▶ ACTIVITY: Would you give the entries again word for word, with no pictures in the copy?

[[ TASK INPUTS, beginning ]]

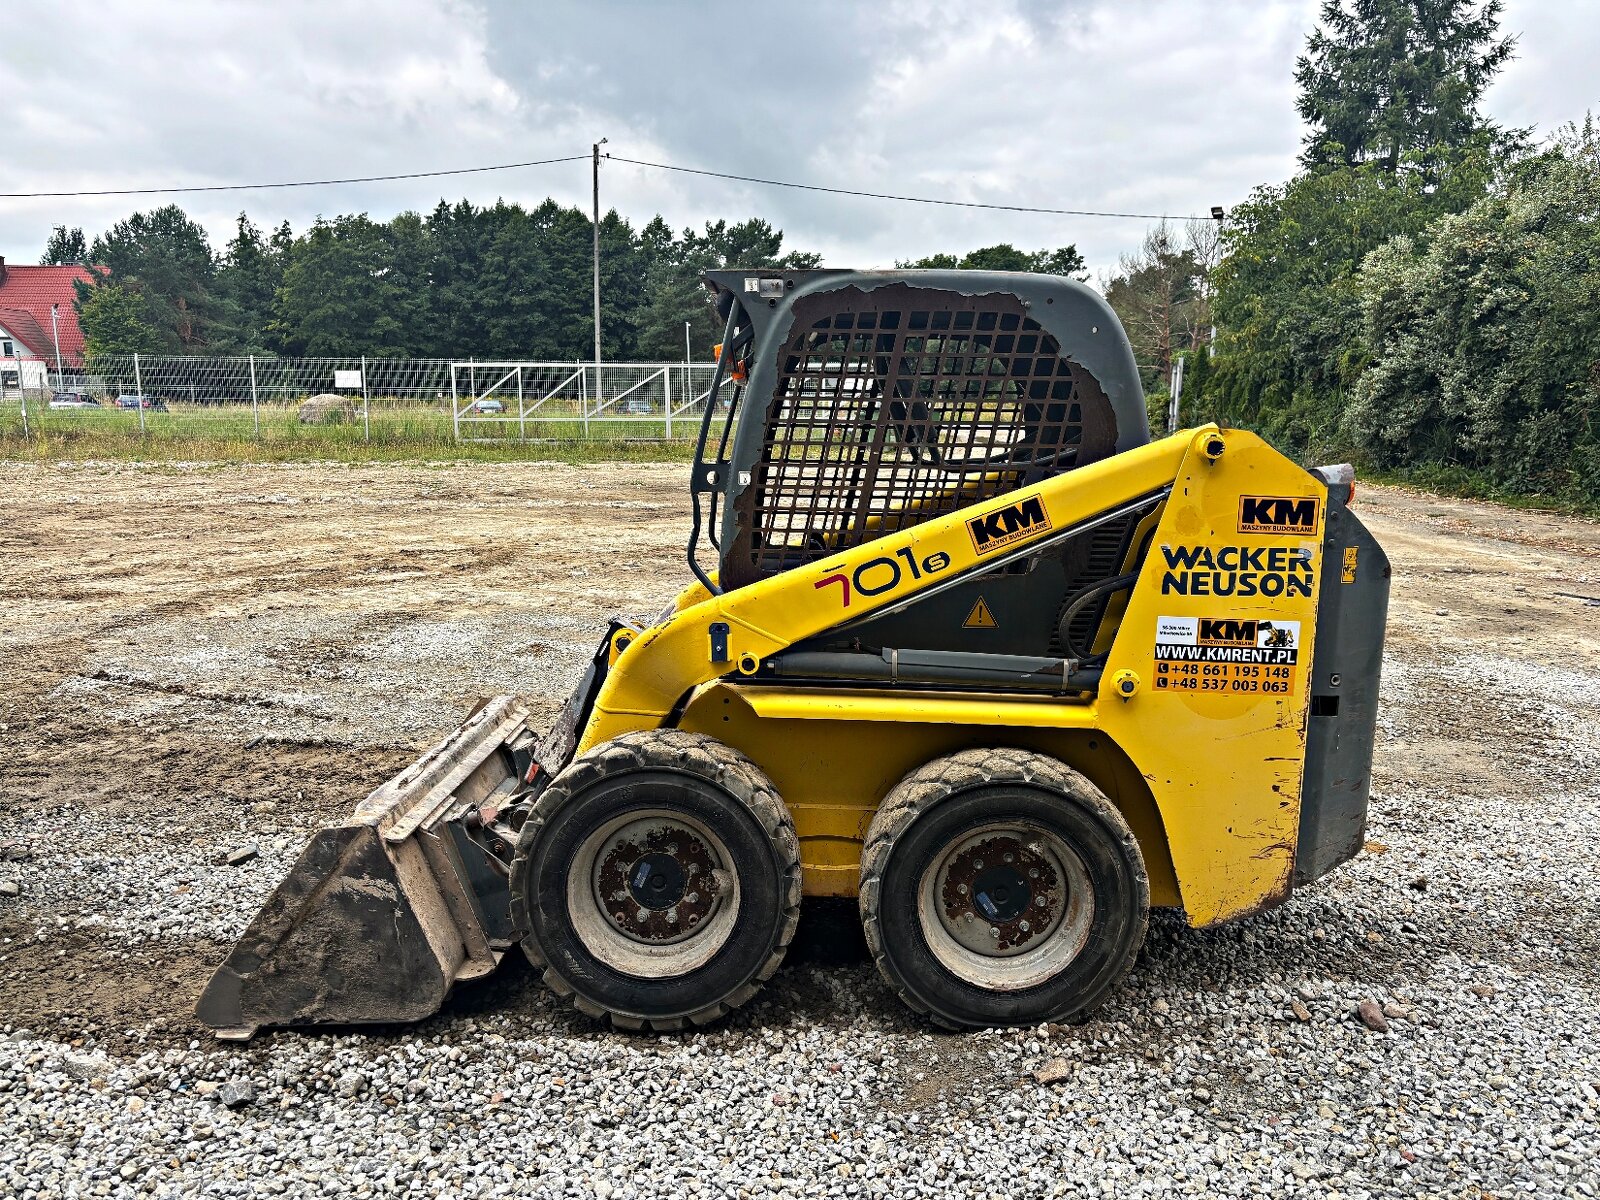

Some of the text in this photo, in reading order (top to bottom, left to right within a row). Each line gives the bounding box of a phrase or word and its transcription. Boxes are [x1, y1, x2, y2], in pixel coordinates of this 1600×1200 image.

[970, 498, 1046, 546] KM
[1242, 498, 1316, 526] KM
[978, 521, 1048, 552] MASZYNY BUDOWLANE
[1241, 524, 1313, 533] MASZYNY BUDOWLANE
[1160, 545, 1314, 572] WACKER
[1161, 571, 1314, 598] NEUSON
[1200, 620, 1257, 641] KM
[1155, 645, 1296, 664] WWW.KMRENT.PL
[1171, 663, 1290, 679] +48 661 195 148
[1170, 677, 1289, 693] +48 537 003 063
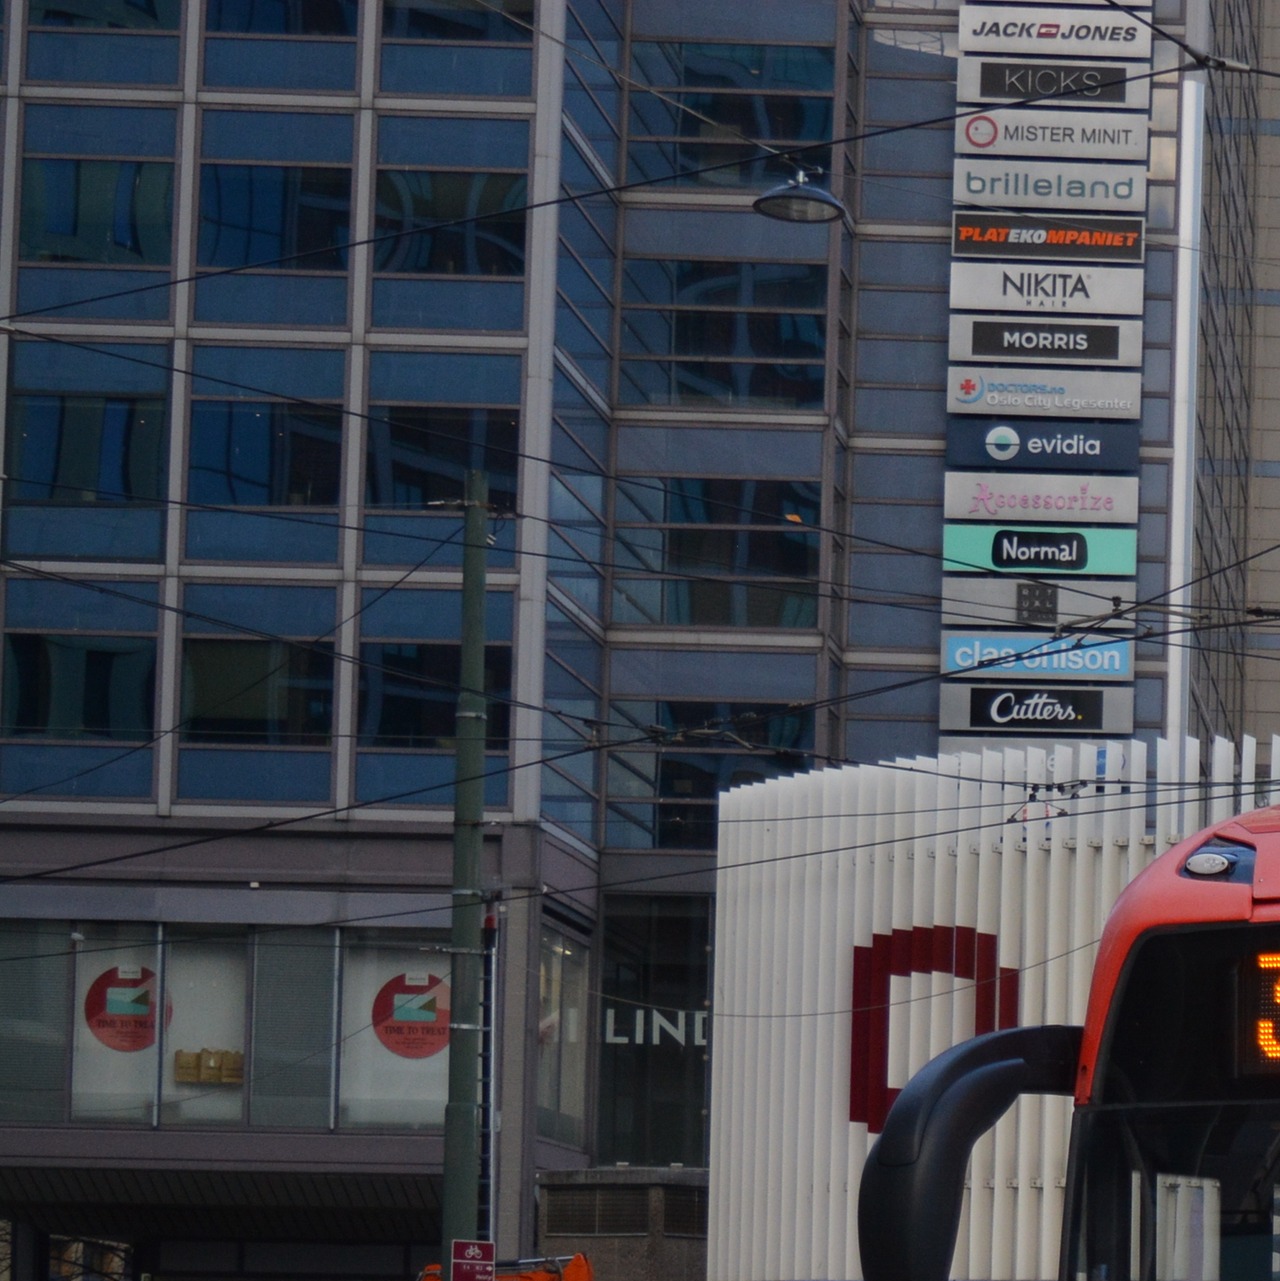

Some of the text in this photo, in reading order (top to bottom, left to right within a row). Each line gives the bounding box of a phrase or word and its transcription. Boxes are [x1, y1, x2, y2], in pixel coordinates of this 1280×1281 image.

[[ TASK INPUTS, end ]]

▶ SOLUTION TO THIS EXERCISE:
Some of the text in this photo, in reading order (top to bottom, left to right within a row). Each line gives the bounding box of a phrase or word and its transcription. Boxes are [x1, y1, x2, y2], in pixel coordinates of this 1600×1200 image.

[970, 498, 1046, 546] KM
[1242, 498, 1316, 526] KM
[978, 521, 1048, 552] MASZYNY BUDOWLANE
[1241, 524, 1313, 533] MASZYNY BUDOWLANE
[1160, 545, 1314, 572] WACKER
[1161, 571, 1314, 598] NEUSON
[1200, 620, 1257, 641] KM
[1155, 645, 1296, 664] WWW.KMRENT.PL
[1171, 663, 1290, 679] +48 661 195 148
[1170, 677, 1289, 693] +48 537 003 063

Some of the text in this photo, in reading order (top to bottom, left to right within a row). Each line gives the bounding box of a phrase or word and its transcription. Boxes are [x1, y1, x2, y2], in pixel coordinates of this 1280×1281 image.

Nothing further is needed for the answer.